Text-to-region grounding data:
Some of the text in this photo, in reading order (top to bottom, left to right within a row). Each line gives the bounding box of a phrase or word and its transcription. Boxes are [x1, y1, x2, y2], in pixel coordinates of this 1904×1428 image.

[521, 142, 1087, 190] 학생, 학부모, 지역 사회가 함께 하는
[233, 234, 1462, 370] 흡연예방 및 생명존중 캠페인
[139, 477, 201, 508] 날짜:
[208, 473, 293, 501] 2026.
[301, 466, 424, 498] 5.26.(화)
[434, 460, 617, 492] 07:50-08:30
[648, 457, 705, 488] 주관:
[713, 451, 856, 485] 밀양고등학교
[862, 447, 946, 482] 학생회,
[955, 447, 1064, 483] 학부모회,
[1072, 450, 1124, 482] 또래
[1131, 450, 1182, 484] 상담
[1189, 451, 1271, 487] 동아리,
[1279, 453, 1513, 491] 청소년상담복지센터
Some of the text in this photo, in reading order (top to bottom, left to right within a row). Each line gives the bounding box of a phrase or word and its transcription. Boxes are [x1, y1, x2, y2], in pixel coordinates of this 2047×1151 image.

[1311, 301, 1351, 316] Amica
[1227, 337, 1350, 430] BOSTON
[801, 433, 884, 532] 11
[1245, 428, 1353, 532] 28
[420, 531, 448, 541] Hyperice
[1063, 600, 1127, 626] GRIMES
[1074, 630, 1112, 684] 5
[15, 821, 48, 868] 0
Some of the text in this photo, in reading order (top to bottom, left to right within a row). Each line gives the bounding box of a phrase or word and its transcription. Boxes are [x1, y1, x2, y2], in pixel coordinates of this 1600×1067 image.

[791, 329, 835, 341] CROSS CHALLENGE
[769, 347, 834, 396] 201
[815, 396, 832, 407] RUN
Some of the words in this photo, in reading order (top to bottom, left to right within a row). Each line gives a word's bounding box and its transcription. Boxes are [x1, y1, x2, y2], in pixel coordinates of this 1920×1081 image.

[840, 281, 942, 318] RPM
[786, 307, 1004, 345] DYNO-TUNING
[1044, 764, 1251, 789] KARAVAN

What you need to do: Every entry is to be repeated exactly as it stands.

Result of the exercise:
Some of the text in this photo, in reading order (top to bottom, left to right within a row). Each line gives the bounding box of a phrase or word and its transcription. Boxes are [x1, y1, x2, y2], in pixel coordinates of this 1904×1428 image.

[521, 142, 1087, 190] 학생, 학부모, 지역 사회가 함께 하는
[233, 234, 1462, 370] 흡연예방 및 생명존중 캠페인
[139, 477, 201, 508] 날짜:
[208, 473, 293, 501] 2026.
[301, 466, 424, 498] 5.26.(화)
[434, 460, 617, 492] 07:50-08:30
[648, 457, 705, 488] 주관:
[713, 451, 856, 485] 밀양고등학교
[862, 447, 946, 482] 학생회,
[955, 447, 1064, 483] 학부모회,
[1072, 450, 1124, 482] 또래
[1131, 450, 1182, 484] 상담
[1189, 451, 1271, 487] 동아리,
[1279, 453, 1513, 491] 청소년상담복지센터
Some of the text in this photo, in reading order (top to bottom, left to right within a row). Each line gives the bounding box of a phrase or word and its transcription. Boxes are [x1, y1, x2, y2], in pixel coordinates of this 2047×1151 image.

[1311, 301, 1351, 316] Amica
[1227, 337, 1350, 430] BOSTON
[801, 433, 884, 532] 11
[1245, 428, 1353, 532] 28
[420, 531, 448, 541] Hyperice
[1063, 600, 1127, 626] GRIMES
[1074, 630, 1112, 684] 5
[15, 821, 48, 868] 0
Some of the text in this photo, in reading order (top to bottom, left to right within a row). Each line gives the bounding box of a phrase or word and its transcription. Boxes are [x1, y1, x2, y2], in pixel coordinates of this 1600×1067 image.

[791, 329, 835, 341] CROSS CHALLENGE
[769, 347, 834, 396] 201
[815, 396, 832, 407] RUN
Some of the words in this photo, in reading order (top to bottom, left to right within a row). Each line gives a word's bounding box and its transcription. Boxes are [x1, y1, x2, y2], in pixel coordinates of this 1920×1081 image.

[840, 281, 942, 318] RPM
[786, 307, 1004, 345] DYNO-TUNING
[1044, 764, 1251, 789] KARAVAN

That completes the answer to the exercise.